Gottes Reich fällt also nicht einfach vom Himmel, es wächst auch nicht einfach von unten. Es kommt von innen. „Nicht ich lebe“, sagt Paulus,  „sondern Christus lebt in mir“. Das Himmelreich beginnt dort, wo wir die Konsequenzen aus einer solchen Ortsangabe ziehen. Wo wir an den Bildern weiter malen, die Jesus begonnen hat. Bilder der Hoffnung. Die sind keineswegs abstrakt. Auch in unseren Tagen gibt es sie.

Wenn z.B. Ordensleute in den Krisengebieten dieser Erde trotz tödlicher Gefahren aushalten, wie der niederländische Jesuit Frans van der Lugt. 50 Jahre war er im Orient tätig und engagierte sich in Hilfsprojekten in der umkämpften Stadt Homs in Syrien. Anfang April wurde er hinterhältig erschossen.

  • Oder wenn solche Menschen mit ihrem Engagement zu einem Lebenszeichen für Verzweifelte werden, deren Schicksal längst keinen Reporter mehr interessiert.
  • Oder wenn Christen Zeugnis dafür ablegen, dass die Mächte die­ser Welt ihre Grenzen haben.

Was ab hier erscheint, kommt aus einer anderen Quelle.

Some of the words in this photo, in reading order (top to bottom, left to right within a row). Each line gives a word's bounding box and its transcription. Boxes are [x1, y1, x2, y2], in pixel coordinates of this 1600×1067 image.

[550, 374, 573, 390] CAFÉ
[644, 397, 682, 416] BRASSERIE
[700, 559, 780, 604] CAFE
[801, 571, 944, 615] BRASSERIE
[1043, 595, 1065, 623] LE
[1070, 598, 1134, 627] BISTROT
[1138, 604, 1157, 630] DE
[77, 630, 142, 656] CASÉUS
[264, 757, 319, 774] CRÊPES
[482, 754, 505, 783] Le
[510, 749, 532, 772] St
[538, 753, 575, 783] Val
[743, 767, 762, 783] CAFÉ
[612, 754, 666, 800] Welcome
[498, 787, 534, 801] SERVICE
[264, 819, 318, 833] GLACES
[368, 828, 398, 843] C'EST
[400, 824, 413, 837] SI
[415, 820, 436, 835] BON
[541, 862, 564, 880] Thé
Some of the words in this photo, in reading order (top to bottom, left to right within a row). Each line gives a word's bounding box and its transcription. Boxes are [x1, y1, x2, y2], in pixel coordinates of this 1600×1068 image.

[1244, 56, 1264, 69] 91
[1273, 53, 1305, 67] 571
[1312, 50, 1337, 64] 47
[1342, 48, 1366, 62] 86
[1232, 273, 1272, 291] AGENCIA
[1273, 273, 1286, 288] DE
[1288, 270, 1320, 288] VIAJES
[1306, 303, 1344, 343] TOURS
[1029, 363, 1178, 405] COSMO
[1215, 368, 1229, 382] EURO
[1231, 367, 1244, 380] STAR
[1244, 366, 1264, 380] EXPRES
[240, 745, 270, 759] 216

  • Oder wenn sich im Gräuel der ethnischen Kämpfe in Afrika Christen trotzdem mit Muslimen treffen, um sich gemeinsam daran zu erinnern, dass der eine und wahre Gott ein Gott des Friedens und der Versöhnung ist.

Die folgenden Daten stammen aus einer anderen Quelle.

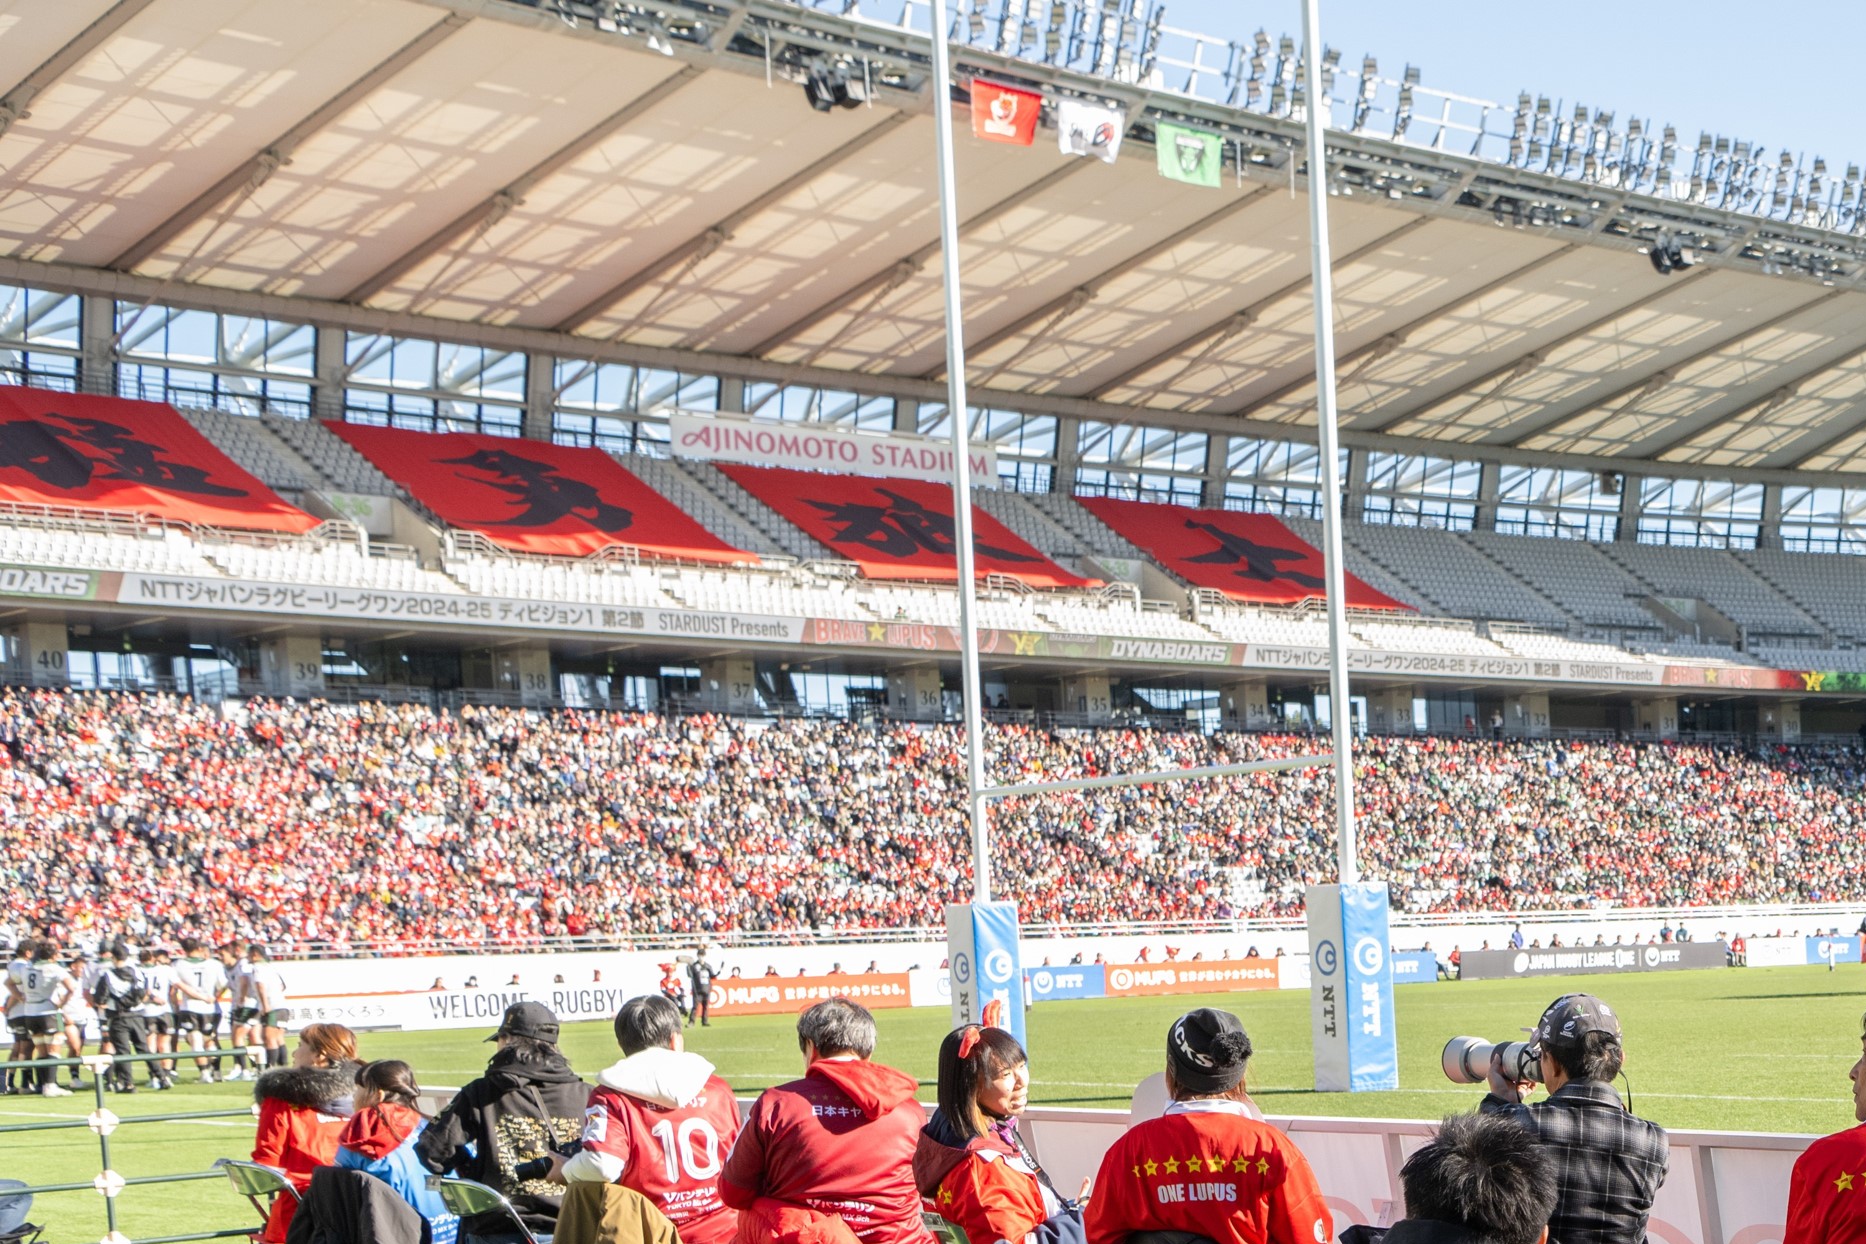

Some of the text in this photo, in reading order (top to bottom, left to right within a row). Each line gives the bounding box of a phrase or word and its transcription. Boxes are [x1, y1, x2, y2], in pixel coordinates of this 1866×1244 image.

[681, 426, 988, 476] AJINOMOTO STADIM
[0, 569, 91, 596] OARS
[659, 612, 727, 635] STARDUST
[731, 617, 789, 639] Presents
[814, 617, 937, 650] BRAVE LUPUS
[37, 650, 63, 669] 40
[1110, 639, 1229, 663] DYNABOARS
[296, 662, 318, 680] 39
[1256, 648, 1466, 672] NTTジャパンラビーリーグワン2024-25
[1569, 663, 1613, 680] STARDUST
[1615, 667, 1653, 682] Presents
[526, 673, 546, 690] 38
[733, 682, 750, 698] 37
[921, 690, 937, 705] 36
[1250, 704, 1264, 717] 34
[1529, 952, 1556, 970] JAPAN
[1556, 951, 1584, 969] RUGBY
[1584, 949, 1614, 967] LEAGUE
[27, 972, 37, 989] 8
[1056, 974, 1084, 989] NTT
[1135, 969, 1177, 987] MUFG
[728, 985, 780, 1004] MUFG
[1322, 985, 1337, 1038] NTT
[1361, 982, 1382, 1037] NTT
[652, 1117, 721, 1184] 10
[1157, 1183, 1237, 1204] ONE LUPUS

  • Oder wenn Christen ihre Grenzen und Türen öffnen für Menschen auf der Flucht.

Mit all diesen Schritten wird der Himmel erfahrbar, beginnt sich auch unser Auftrag in der Welt zu erfüllen. Dies sind ermutigende Kirchenbilder, die uns bewegen, weil sie davon erzählen, daß der Gekreuzigte lebt. In aller Welt begegnen Menschen so dem auferstandenen und in den Himmel aufgefahrenen Christus. „Denn siehe. Das Reich ist mitten unter euch“, sagte Jesus (Lk 1,21).

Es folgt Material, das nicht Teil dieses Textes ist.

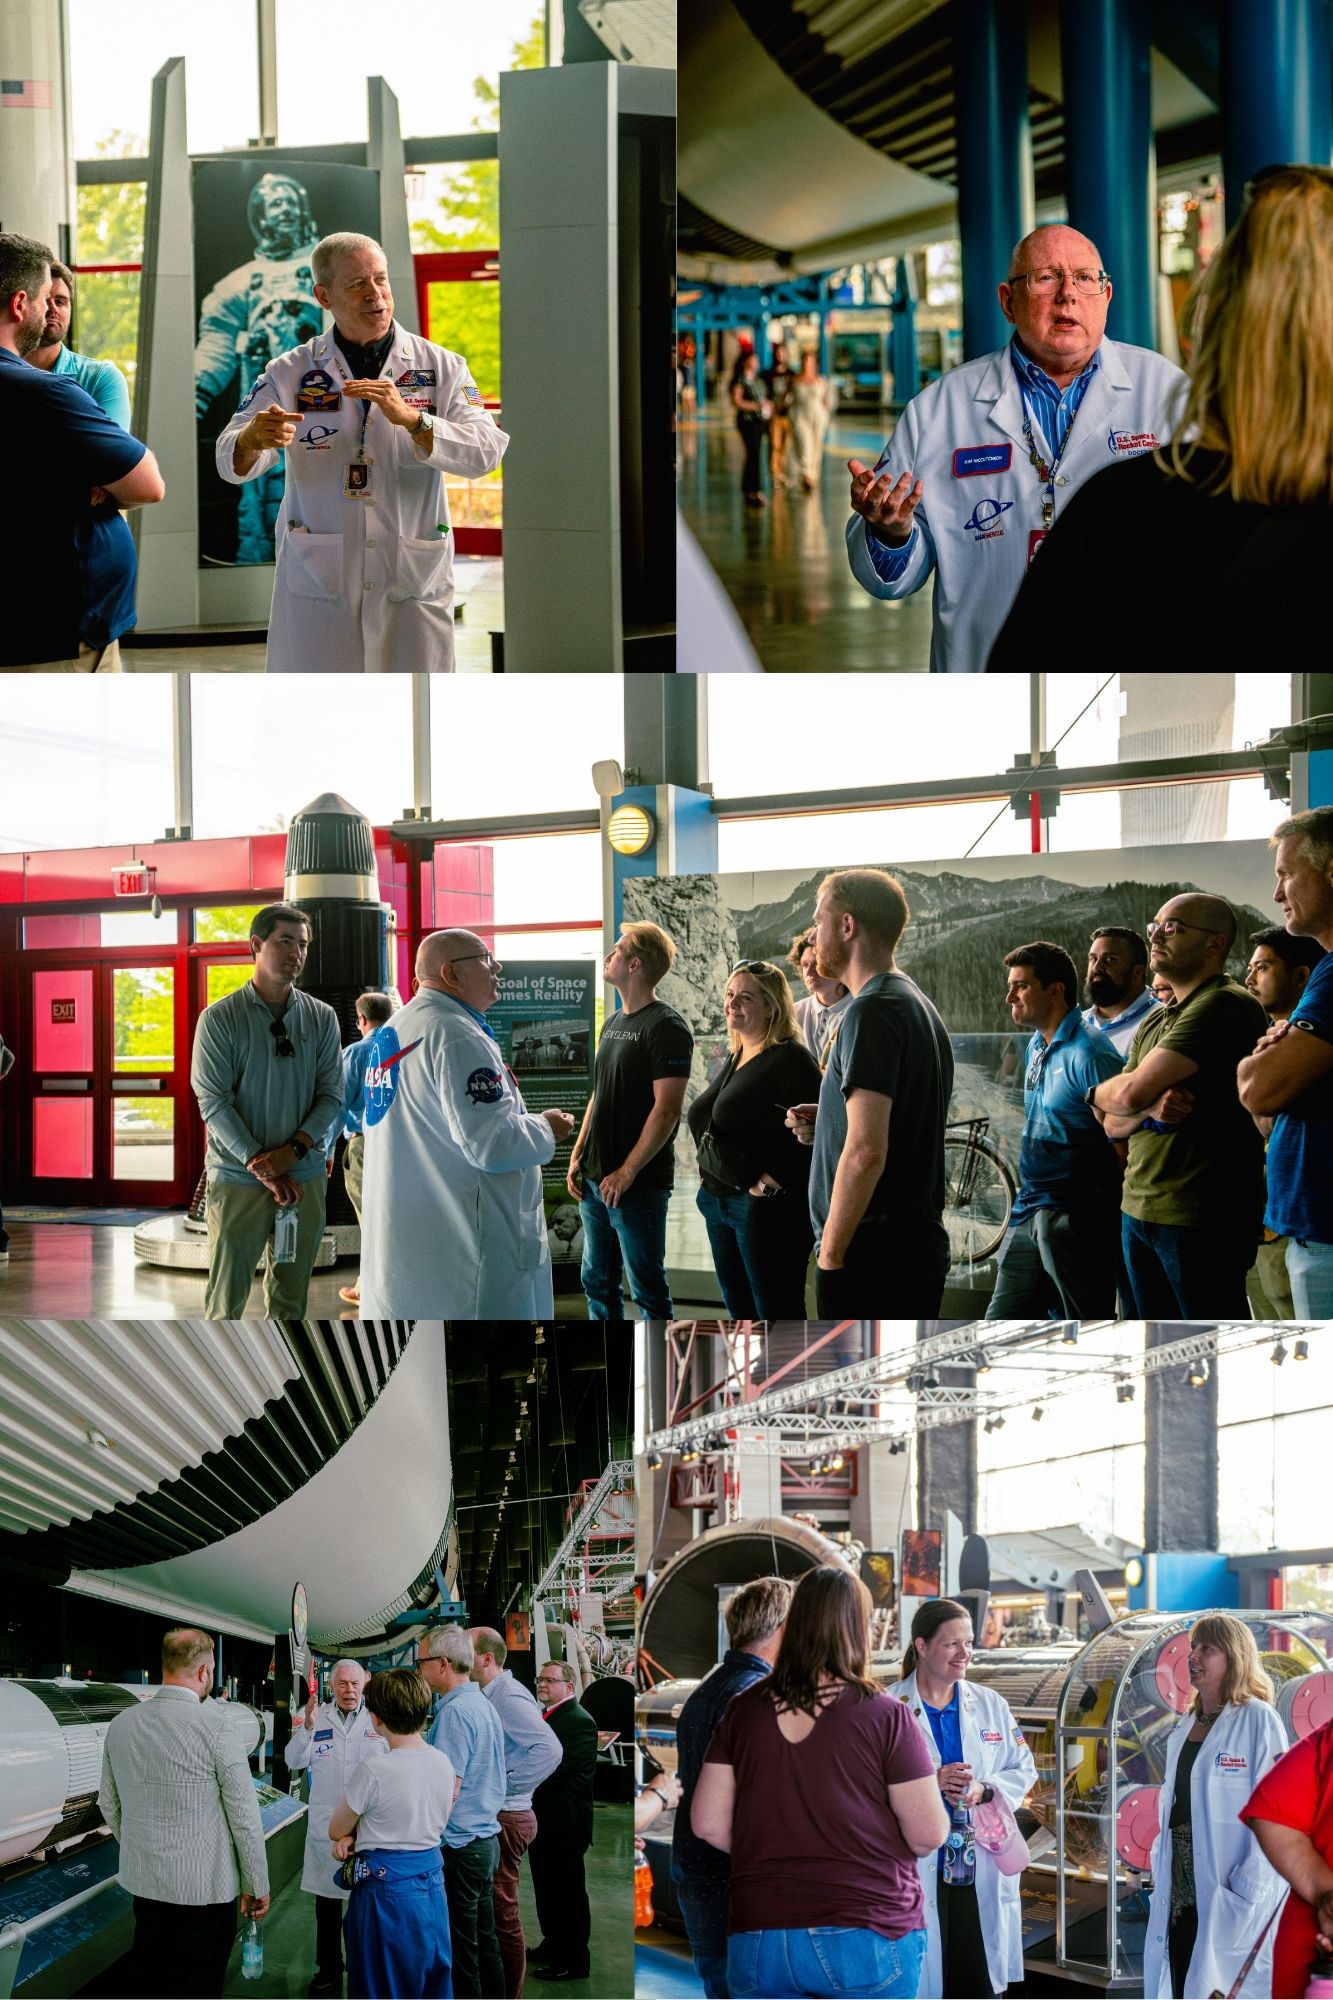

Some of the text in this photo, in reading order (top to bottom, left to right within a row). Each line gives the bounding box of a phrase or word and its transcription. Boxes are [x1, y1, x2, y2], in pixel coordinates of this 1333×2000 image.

[1131, 433, 1150, 441] Space
[1118, 441, 1141, 450] Rocket
[120, 873, 143, 894] EXIT
[497, 976, 587, 991] Goal of Space
[534, 989, 584, 1003] Reality
[53, 1004, 75, 1017] EXIT
[470, 1081, 502, 1093] NASA

So sollten auch wir Zeugen dafür werden, daß der Geist Gottes das Antlitz der Erde erneuern will. „Was steht Ihr da und schaut zum Himmel!“ Die Himmel­fahrt beginnt damit, daß wir den Abstieg wagen – so wie es uns Papst Franziskus vorlebt, nämlich dorthin, wo die Menschen uns brauchen.